Dataset entries

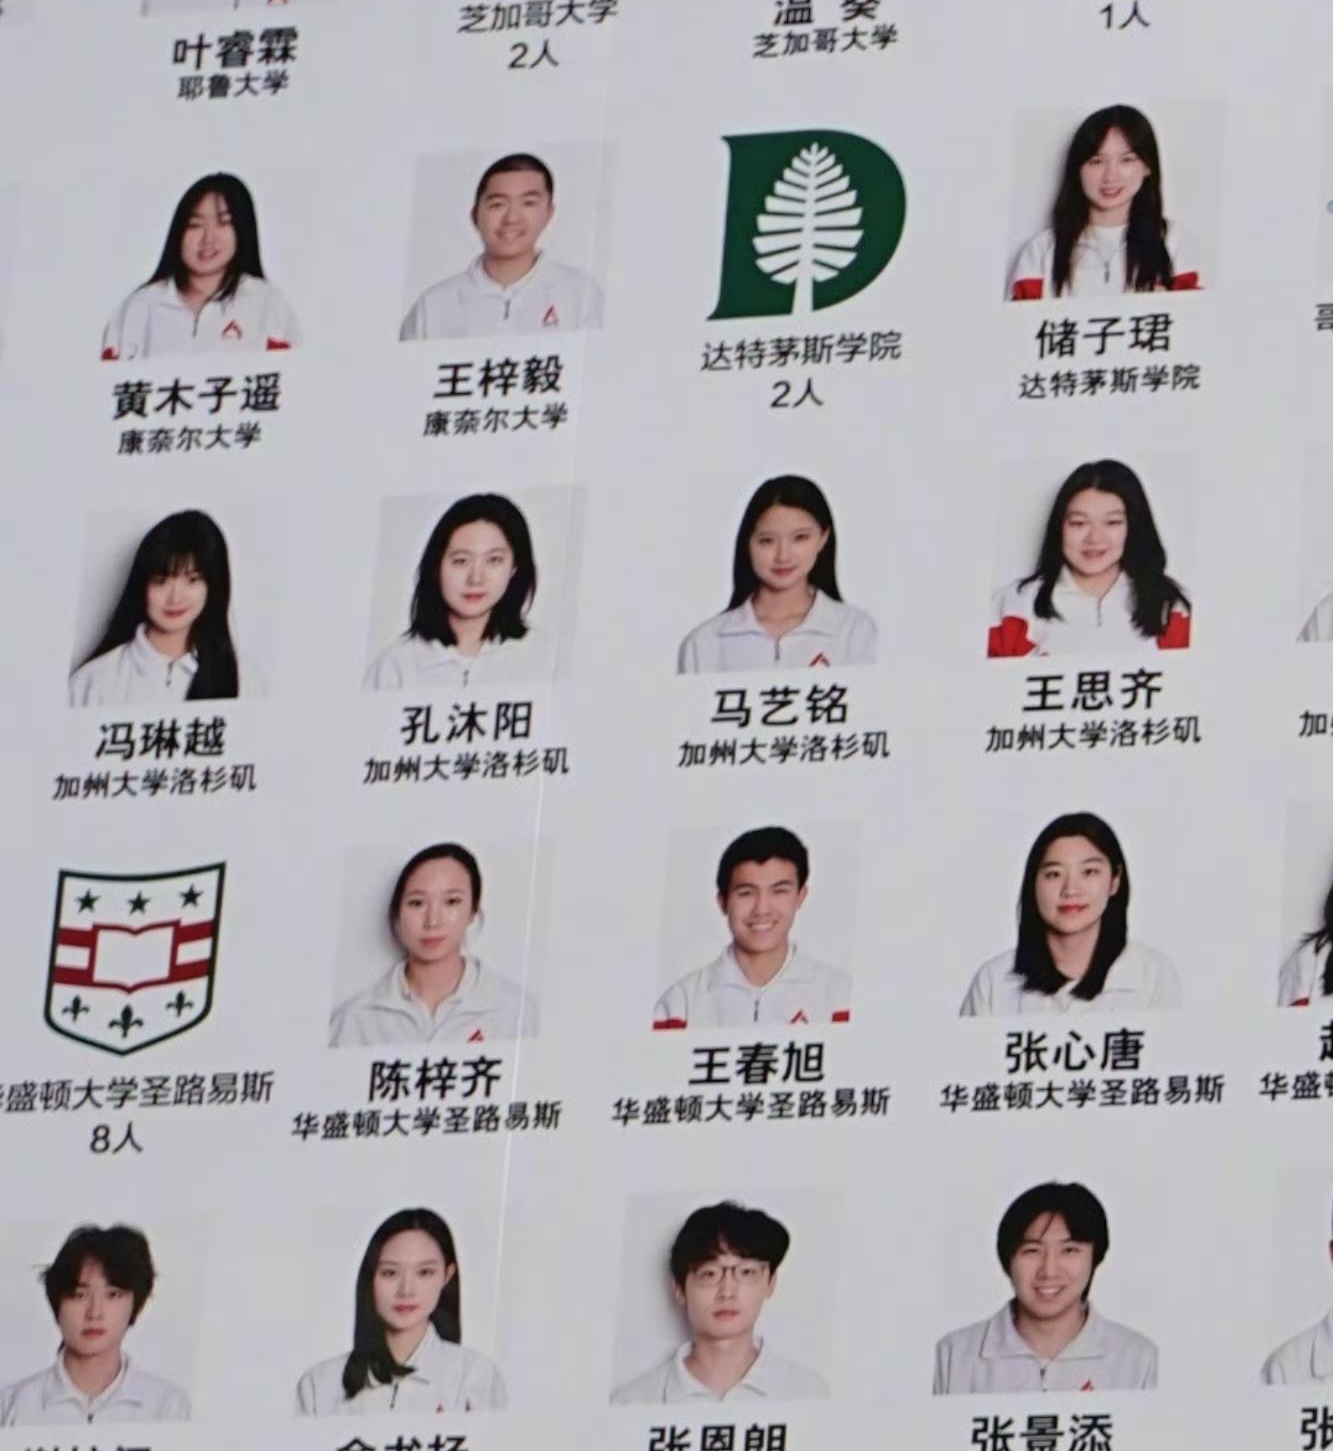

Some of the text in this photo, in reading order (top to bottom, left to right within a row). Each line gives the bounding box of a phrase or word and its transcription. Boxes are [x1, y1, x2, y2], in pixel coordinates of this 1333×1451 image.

[1100, 0, 1150, 30] 1人
[508, 39, 559, 70] 2人
[753, 23, 898, 59] 芝加哥大学
[177, 69, 289, 101] 耶鲁大学
[700, 329, 902, 371] 达特茅斯学院
[1034, 312, 1174, 360] 储子珺
[112, 371, 281, 421] 黄木子遥
[433, 354, 564, 399] 王梓毅
[770, 377, 824, 409] 2人
[1018, 363, 1201, 399] 达特茅斯学院
[117, 421, 262, 456] 康奈尔大学
[423, 402, 568, 437] 康奈尔大学
[710, 683, 849, 729] 马艺铭
[1021, 667, 1163, 713] 王思齐
[94, 715, 227, 762] 冯琳越
[400, 701, 533, 746] 孔沐阳
[985, 715, 1202, 753] 加州大学洛杉矶
[363, 746, 570, 784] 加州大学洛杉矶
[677, 730, 891, 768] 加州大学洛杉矶
[52, 763, 257, 801] 加州大学洛杉矶
[687, 1040, 825, 1087] 王春旭
[1005, 1026, 1146, 1075] 张心唐
[0, 1070, 274, 1113] 盛顿大学圣路易斯
[367, 1054, 503, 1103] 陈梓齐
[939, 1074, 1225, 1113] 华盛顿大学圣路易斯
[291, 1100, 562, 1141] 华盛顿大学圣路易斯
[611, 1086, 891, 1127] 华盛顿大学圣路易斯
[89, 1121, 143, 1154] 8人

▸ **DESCRIPTION OF THE TASK**
Pictures excluded, set down all the entries exactly.

▸ **WRITTEN ANSWER**
Some of the text in this photo, in reading order (top to bottom, left to right within a row). Each line gives the bounding box of a phrase or word and its transcription. Boxes are [x1, y1, x2, y2], in pixel coordinates of this 1333×1451 image.

[1100, 0, 1150, 30] 1人
[508, 39, 559, 70] 2人
[753, 23, 898, 59] 芝加哥大学
[177, 69, 289, 101] 耶鲁大学
[700, 329, 902, 371] 达特茅斯学院
[1034, 312, 1174, 360] 储子珺
[112, 371, 281, 421] 黄木子遥
[433, 354, 564, 399] 王梓毅
[770, 377, 824, 409] 2人
[1018, 363, 1201, 399] 达特茅斯学院
[117, 421, 262, 456] 康奈尔大学
[423, 402, 568, 437] 康奈尔大学
[710, 683, 849, 729] 马艺铭
[1021, 667, 1163, 713] 王思齐
[94, 715, 227, 762] 冯琳越
[400, 701, 533, 746] 孔沐阳
[985, 715, 1202, 753] 加州大学洛杉矶
[363, 746, 570, 784] 加州大学洛杉矶
[677, 730, 891, 768] 加州大学洛杉矶
[52, 763, 257, 801] 加州大学洛杉矶
[687, 1040, 825, 1087] 王春旭
[1005, 1026, 1146, 1075] 张心唐
[0, 1070, 274, 1113] 盛顿大学圣路易斯
[367, 1054, 503, 1103] 陈梓齐
[939, 1074, 1225, 1113] 华盛顿大学圣路易斯
[291, 1100, 562, 1141] 华盛顿大学圣路易斯
[611, 1086, 891, 1127] 华盛顿大学圣路易斯
[89, 1121, 143, 1154] 8人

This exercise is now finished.